▶ [The problem]:
Repeat the whole listing below exactly as it reads.

▶ [Material for the task]:
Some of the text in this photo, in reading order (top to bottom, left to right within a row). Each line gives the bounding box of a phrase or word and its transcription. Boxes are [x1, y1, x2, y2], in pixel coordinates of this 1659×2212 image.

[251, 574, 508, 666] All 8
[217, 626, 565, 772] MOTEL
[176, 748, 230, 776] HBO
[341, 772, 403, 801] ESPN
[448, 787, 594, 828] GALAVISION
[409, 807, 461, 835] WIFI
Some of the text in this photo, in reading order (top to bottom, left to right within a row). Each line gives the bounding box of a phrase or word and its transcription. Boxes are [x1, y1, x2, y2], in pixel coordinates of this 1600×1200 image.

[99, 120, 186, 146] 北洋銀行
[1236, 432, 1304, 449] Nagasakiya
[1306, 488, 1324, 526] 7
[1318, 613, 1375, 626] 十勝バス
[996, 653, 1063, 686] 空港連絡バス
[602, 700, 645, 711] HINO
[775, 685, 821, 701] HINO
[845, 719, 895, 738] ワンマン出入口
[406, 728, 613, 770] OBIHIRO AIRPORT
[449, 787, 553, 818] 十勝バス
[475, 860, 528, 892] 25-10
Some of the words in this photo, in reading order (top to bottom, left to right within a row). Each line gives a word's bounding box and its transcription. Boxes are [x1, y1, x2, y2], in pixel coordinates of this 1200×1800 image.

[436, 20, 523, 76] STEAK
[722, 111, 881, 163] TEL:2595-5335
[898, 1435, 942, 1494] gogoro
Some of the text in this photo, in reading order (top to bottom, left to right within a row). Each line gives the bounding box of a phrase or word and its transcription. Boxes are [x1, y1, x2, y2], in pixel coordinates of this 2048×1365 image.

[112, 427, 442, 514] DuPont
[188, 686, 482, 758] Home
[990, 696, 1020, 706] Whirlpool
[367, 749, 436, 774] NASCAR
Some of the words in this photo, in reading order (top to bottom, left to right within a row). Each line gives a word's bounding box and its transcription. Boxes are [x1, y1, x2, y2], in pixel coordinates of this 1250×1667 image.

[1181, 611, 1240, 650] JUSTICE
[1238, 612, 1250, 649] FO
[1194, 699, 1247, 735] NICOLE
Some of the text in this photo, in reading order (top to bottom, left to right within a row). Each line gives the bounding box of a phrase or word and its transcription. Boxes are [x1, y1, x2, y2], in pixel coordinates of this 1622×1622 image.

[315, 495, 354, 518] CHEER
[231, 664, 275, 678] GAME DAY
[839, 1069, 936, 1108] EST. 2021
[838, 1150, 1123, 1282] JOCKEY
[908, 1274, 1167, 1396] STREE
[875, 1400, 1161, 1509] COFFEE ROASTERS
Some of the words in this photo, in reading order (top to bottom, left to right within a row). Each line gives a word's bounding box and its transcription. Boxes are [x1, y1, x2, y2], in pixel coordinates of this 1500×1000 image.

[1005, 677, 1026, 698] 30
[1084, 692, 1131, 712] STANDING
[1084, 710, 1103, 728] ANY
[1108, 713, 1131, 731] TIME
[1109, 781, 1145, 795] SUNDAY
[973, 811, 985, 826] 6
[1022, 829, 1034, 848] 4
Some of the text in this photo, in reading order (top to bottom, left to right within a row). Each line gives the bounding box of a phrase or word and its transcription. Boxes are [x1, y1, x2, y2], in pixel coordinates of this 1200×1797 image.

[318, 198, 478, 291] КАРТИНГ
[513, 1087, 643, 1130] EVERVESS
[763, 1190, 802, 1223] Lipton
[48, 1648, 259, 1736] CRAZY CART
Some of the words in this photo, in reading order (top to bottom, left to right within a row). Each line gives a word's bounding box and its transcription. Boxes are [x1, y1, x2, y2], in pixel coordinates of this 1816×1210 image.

▶ [Problem solution]:
Some of the text in this photo, in reading order (top to bottom, left to right within a row). Each line gives the bounding box of a phrase or word and its transcription. Boxes are [x1, y1, x2, y2], in pixel coordinates of this 1659×2212 image.

[251, 574, 508, 666] All 8
[217, 626, 565, 772] MOTEL
[176, 748, 230, 776] HBO
[341, 772, 403, 801] ESPN
[448, 787, 594, 828] GALAVISION
[409, 807, 461, 835] WIFI
Some of the text in this photo, in reading order (top to bottom, left to right within a row). Each line gives the bounding box of a phrase or word and its transcription. Boxes are [x1, y1, x2, y2], in pixel coordinates of this 1600×1200 image.

[99, 120, 186, 146] 北洋銀行
[1236, 432, 1304, 449] Nagasakiya
[1306, 488, 1324, 526] 7
[1318, 613, 1375, 626] 十勝バス
[996, 653, 1063, 686] 空港連絡バス
[602, 700, 645, 711] HINO
[775, 685, 821, 701] HINO
[845, 719, 895, 738] ワンマン出入口
[406, 728, 613, 770] OBIHIRO AIRPORT
[449, 787, 553, 818] 十勝バス
[475, 860, 528, 892] 25-10
Some of the words in this photo, in reading order (top to bottom, left to right within a row). Each line gives a word's bounding box and its transcription. Boxes are [x1, y1, x2, y2], in pixel coordinates of this 1200×1800 image.

[436, 20, 523, 76] STEAK
[722, 111, 881, 163] TEL:2595-5335
[898, 1435, 942, 1494] gogoro
Some of the text in this photo, in reading order (top to bottom, left to right within a row). Each line gives the bounding box of a phrase or word and its transcription. Boxes are [x1, y1, x2, y2], in pixel coordinates of this 2048×1365 image.

[112, 427, 442, 514] DuPont
[188, 686, 482, 758] Home
[990, 696, 1020, 706] Whirlpool
[367, 749, 436, 774] NASCAR
Some of the words in this photo, in reading order (top to bottom, left to right within a row). Each line gives a word's bounding box and its transcription. Boxes are [x1, y1, x2, y2], in pixel coordinates of this 1250×1667 image.

[1181, 611, 1240, 650] JUSTICE
[1238, 612, 1250, 649] FO
[1194, 699, 1247, 735] NICOLE
Some of the text in this photo, in reading order (top to bottom, left to right within a row). Each line gives the bounding box of a phrase or word and its transcription. Boxes are [x1, y1, x2, y2], in pixel coordinates of this 1622×1622 image.

[315, 495, 354, 518] CHEER
[231, 664, 275, 678] GAME DAY
[839, 1069, 936, 1108] EST. 2021
[838, 1150, 1123, 1282] JOCKEY
[908, 1274, 1167, 1396] STREE
[875, 1400, 1161, 1509] COFFEE ROASTERS
Some of the words in this photo, in reading order (top to bottom, left to right within a row). Each line gives a word's bounding box and its transcription. Boxes are [x1, y1, x2, y2], in pixel coordinates of this 1500×1000 image.

[1005, 677, 1026, 698] 30
[1084, 692, 1131, 712] STANDING
[1084, 710, 1103, 728] ANY
[1108, 713, 1131, 731] TIME
[1109, 781, 1145, 795] SUNDAY
[973, 811, 985, 826] 6
[1022, 829, 1034, 848] 4
Some of the text in this photo, in reading order (top to bottom, left to right within a row). Each line gives the bounding box of a phrase or word and its transcription. Boxes are [x1, y1, x2, y2], in pixel coordinates of this 1200×1797 image.

[318, 198, 478, 291] КАРТИНГ
[513, 1087, 643, 1130] EVERVESS
[763, 1190, 802, 1223] Lipton
[48, 1648, 259, 1736] CRAZY CART
Some of the words in this photo, in reading order (top to bottom, left to right within a row). Each line gives a word's bounding box and its transcription. Boxes are [x1, y1, x2, y2], in pixel coordinates of this 1816×1210 image.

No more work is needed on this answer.